Genotypic Specificity of Grass-Endophyte Interactions

(p.75) 4 Genotypic Specificity of Grass-Endophyte Interactions
Ecology and Evolution of the Grass-Endophyte Symbiosis

Gregory P. Cheplick

Stanley H. Faeth

Oxford University Press

For ongoing coevolution of the grass-endophyte symbiosis through the agents of natural selection, there must be genetic variation within populations for both host and endophyte. The breeding systems of both symbiotic partners influence the distribution and level of genetic variation within populations. Traditional reaction norms and symbiotic interaction norms can be useful in depicting host genotype interactions with environment and infection.

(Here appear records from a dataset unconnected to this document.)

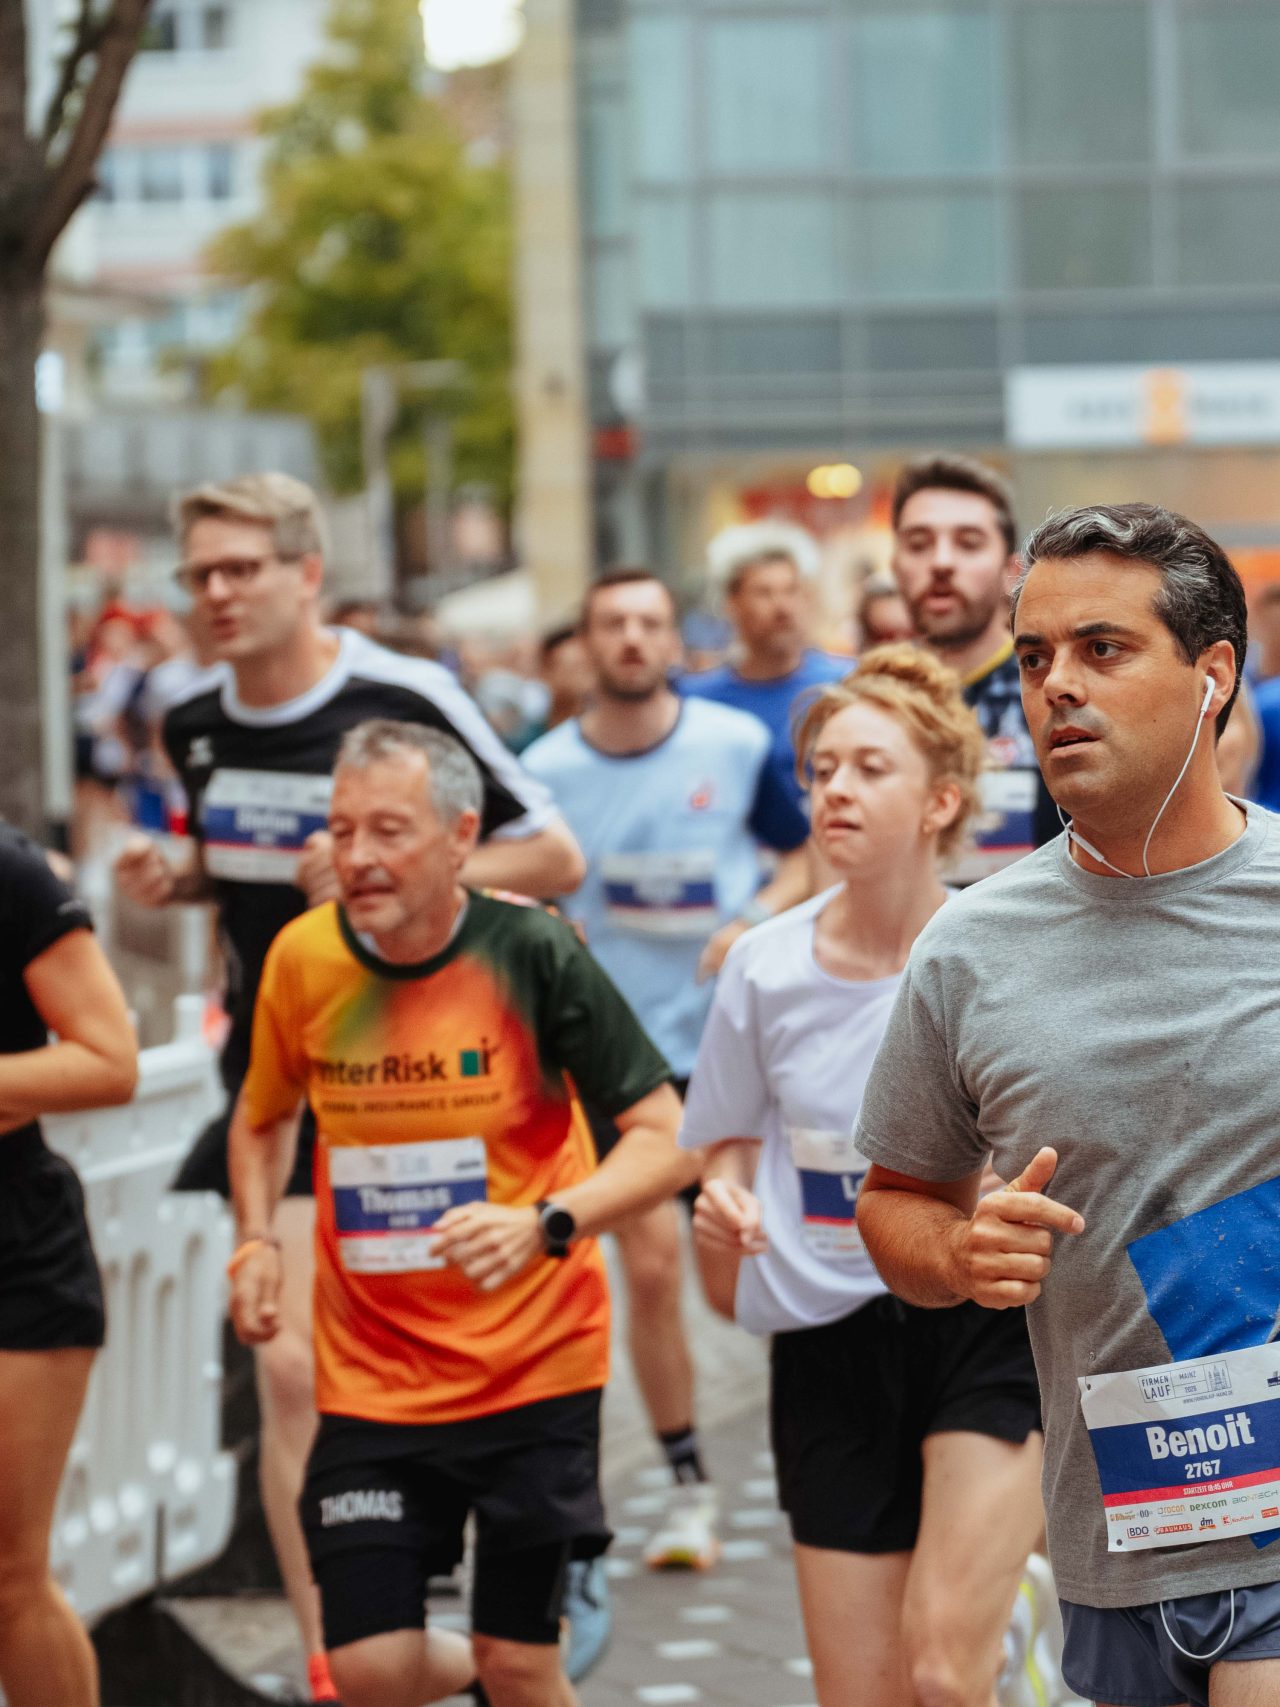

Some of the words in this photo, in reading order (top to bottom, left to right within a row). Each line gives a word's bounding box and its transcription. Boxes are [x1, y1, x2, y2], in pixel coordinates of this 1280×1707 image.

[313, 1051, 447, 1085] nterRisk
[356, 1185, 451, 1214] Thomas
[1141, 1375, 1170, 1388] FIRMEN
[1178, 1370, 1197, 1380] MAINZ
[1143, 1384, 1172, 1400] LAUF
[1145, 1411, 1256, 1460] Benoit
[1184, 1459, 1222, 1480] 2767
[1221, 1481, 1234, 1490] UHR
[319, 1490, 403, 1529] THOMAS
[1129, 1526, 1149, 1537] BDO
[1160, 1524, 1192, 1534] BAUHAUS
[1200, 1517, 1214, 1527] dm

Examples are provided for both agronomic and native grass-endophyte symbioses. Endophytes can also modulate phenotypic plasticity of their grass hosts in relation to environmental variation. There is evidence that endophyte genotypes (haplotypes) can differ significantly in their impact on host growth and physiology. Genetic diversity of endophyte isolates has been quantified using isozymes and DNA markers. Host-endophyte compatibility can vary among endophytes and their host grasses as revealed by reciprocal inoculation experiments using fungal isolates from different host populations or species. Multistrain infections of single grass hosts and fungal hybridization within individual hosts have been determined for some symbioses. Genetic variation in both host and endophyte will expedite the continued coevolution of the symbiosis.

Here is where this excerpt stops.